I go with the troll hypothesis. Putin’s interest in Trump’s election is obvious. Biden will continue to work with Europe to support Ukraine, while Trump will hand Ukraine over to Russia and work to undermine NATO.
But the how of what he’d do is the part that sets the world on edge about our upcoming election. It’s one thing for him to bloviate, but when it comes down to what actions he would and CAN take, that’s where the uncertainty - from all sides - comes into play. Ergo, Putin says he’d prefer Biden because he’s known Joe for the last 25 years and he’s known the team around him for 15 and thinks he knows how to play the game with them. Donald is a lunatic and everybody knows it.
Trump has a mancrush on Putin, and Putin prefers to keep Trump in the one-down position. On the other hand, he does want to maintain a stable, if frosty, relationship with Biden so things don't spiral out of control. Basically he negged Trump, and will continue to do so, because he is aware that Trump is an idiot. So that's likely the genesis of that remark.
Meantime, rhetoric aside, the Chinese can see that Trump is bribeable. The interesting thing to me is that they just don't seem to care all that much about Russia and NATO. They're firmly focused on the eastern Pacific, the United States, and their export markets. (Also, they do seem to want friendly relations with most, sp as to keep those exports going out and the technological acquisitions rolling in.)
Minus Trump, we seem to have a stable equilibrium here.
elm
the great international arm-wrestling contest continues
"any survey ... will find that he only secured meaningful concessions from states that are asymmetrically vulnerable to U.S. pressure. And neither Russia nor China are asymmetrically vunerable."

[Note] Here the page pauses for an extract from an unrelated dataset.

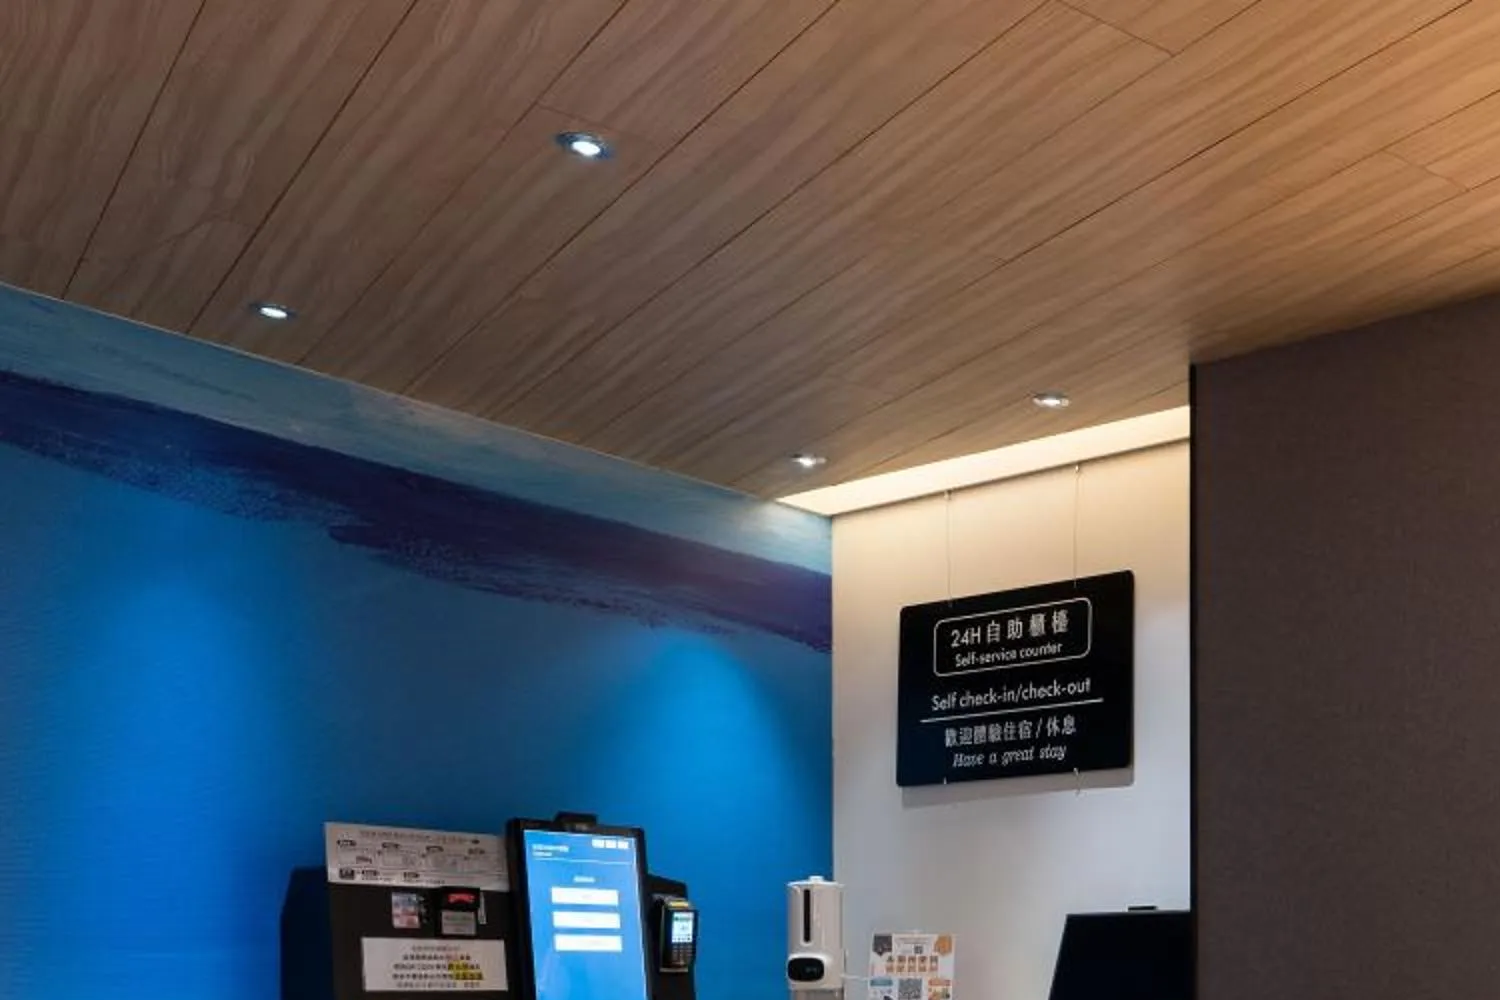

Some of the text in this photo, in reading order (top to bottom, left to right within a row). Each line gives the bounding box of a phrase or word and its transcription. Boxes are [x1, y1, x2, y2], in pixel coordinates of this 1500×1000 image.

Trump reset trading with China. They were vulnerable to that.
Um... er... exactly what concessions did China make?
The same the Biden admin endorses. Have you forgotten the wild fight we had? https://en.wikipedia.org/wiki/China%E2%80%93United_States_trade_war
And I will ask again: what meaningful concessions were extracted from this trade war?
There was a massive shift. Phase One upended virtually every aspect of our relations, providing a fairer deal from aluminum to farm commodities. Now, if you're an anti-treaty guy, that's fine. But be aware you're bucking both parties.
I don't care what the parties think about this, I care about what concessions Trump allegedly extracted from the trade war. And I see none. https://www.piie.com/blogs/realtime-economics/china-bought-none-extra-200-billion-us-exports-trumps-trade-deal
I can cite the opposite. And around we go. China's still fighting the treaty. Doesn't that tell you something?